The U.K. remains one of the few bright spots for automakers in Europe, where demand for vehicles is sliding to a 20-year low amid a shrinking economy and high unemployment.

Western European car sales rose 4 percent in July as an additional selling day and a stabilizing economy contributed to the second monthly gain in 2013, according to date collected by LMC Automotive.

Registrations increased to an estimated 950,444 cars from 914,274 vehicles a year earlier, the research company said today in a statement. That narrowed the seven-month decline to 5.4 percent for a total of 7 million cars, with the annualized selling rate at almost 11.5 million units, it said.

“As the underlying economy begins to improve, we forecast that so too will the region’s car market,” Jonathon Poskitt, an analyst at LMC in Oxford, England, said in the statement. “The situation will slowly pick up over the remainder of the year.”

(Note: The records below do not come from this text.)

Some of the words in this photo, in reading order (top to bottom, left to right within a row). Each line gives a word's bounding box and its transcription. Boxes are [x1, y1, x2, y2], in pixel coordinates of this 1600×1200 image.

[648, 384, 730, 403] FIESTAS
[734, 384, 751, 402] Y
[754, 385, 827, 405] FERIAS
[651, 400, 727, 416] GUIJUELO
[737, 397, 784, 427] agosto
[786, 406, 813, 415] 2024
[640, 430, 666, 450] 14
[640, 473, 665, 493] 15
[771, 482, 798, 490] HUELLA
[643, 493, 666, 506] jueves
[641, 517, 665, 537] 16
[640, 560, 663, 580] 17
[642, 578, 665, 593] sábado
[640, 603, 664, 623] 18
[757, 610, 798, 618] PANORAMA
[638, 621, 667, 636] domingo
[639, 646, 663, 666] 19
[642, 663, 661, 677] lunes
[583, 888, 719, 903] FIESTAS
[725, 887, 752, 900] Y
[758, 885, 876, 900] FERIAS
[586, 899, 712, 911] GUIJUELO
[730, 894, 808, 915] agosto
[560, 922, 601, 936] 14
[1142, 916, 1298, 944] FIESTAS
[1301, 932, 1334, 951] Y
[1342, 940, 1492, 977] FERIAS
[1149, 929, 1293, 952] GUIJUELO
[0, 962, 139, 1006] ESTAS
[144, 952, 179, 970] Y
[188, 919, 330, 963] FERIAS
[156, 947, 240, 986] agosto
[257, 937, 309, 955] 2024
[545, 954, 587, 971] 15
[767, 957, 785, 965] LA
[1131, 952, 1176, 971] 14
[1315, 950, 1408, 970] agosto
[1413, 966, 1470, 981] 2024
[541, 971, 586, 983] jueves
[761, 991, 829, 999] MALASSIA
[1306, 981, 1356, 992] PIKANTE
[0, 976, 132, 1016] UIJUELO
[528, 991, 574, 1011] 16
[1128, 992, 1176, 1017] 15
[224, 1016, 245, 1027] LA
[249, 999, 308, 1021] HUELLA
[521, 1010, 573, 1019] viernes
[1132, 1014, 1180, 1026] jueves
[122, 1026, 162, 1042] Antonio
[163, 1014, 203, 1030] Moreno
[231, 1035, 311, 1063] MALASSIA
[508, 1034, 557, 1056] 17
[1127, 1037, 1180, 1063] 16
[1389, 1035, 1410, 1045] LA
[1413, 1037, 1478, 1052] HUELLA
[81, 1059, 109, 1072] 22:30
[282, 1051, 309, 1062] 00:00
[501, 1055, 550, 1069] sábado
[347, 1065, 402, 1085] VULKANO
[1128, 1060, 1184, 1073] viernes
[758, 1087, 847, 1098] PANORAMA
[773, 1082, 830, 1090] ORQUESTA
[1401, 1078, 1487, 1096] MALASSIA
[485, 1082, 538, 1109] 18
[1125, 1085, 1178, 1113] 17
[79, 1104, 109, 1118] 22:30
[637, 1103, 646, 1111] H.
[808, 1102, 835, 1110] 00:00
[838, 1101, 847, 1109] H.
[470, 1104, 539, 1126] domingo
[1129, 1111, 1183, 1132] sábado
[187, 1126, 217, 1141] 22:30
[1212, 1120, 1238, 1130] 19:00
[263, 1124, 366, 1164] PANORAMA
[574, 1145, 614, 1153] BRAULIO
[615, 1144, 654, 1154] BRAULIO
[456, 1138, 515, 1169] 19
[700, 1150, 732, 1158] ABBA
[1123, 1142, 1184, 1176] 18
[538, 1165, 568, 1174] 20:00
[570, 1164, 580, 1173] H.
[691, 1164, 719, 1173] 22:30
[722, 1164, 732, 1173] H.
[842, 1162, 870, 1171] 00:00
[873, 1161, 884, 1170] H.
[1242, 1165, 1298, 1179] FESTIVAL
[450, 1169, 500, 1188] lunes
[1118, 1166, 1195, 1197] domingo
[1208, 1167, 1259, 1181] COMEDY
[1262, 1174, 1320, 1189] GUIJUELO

Industry executives are forecasting that the European car market will shrink by about 5 percent this year, the sixth annual drop, amid the region’s sovereign-debt crisis. Daimler AG (DAI) and PSA Peugeot Citroen are among manufacturers saying that the drop in demand may have bottomed out.

German factory orders increased by the most in eight months in June, U.K. industrial production that month beat forecasts and Italy’s economic contraction slowed in the second quarter, according to figures released today, adding to evidence of a nascent recovery.

U.K. Jump

Demand for cars in Germany, Europe’s biggest economy, increased in July while sales in France, Europe’s third-biggest auto market, rose for the first time since October 2011. U.K. registrations jumped 13 percent in the 17th consecutive monthly gain, the London-based Society of Motor Manufacturers and Traders said today.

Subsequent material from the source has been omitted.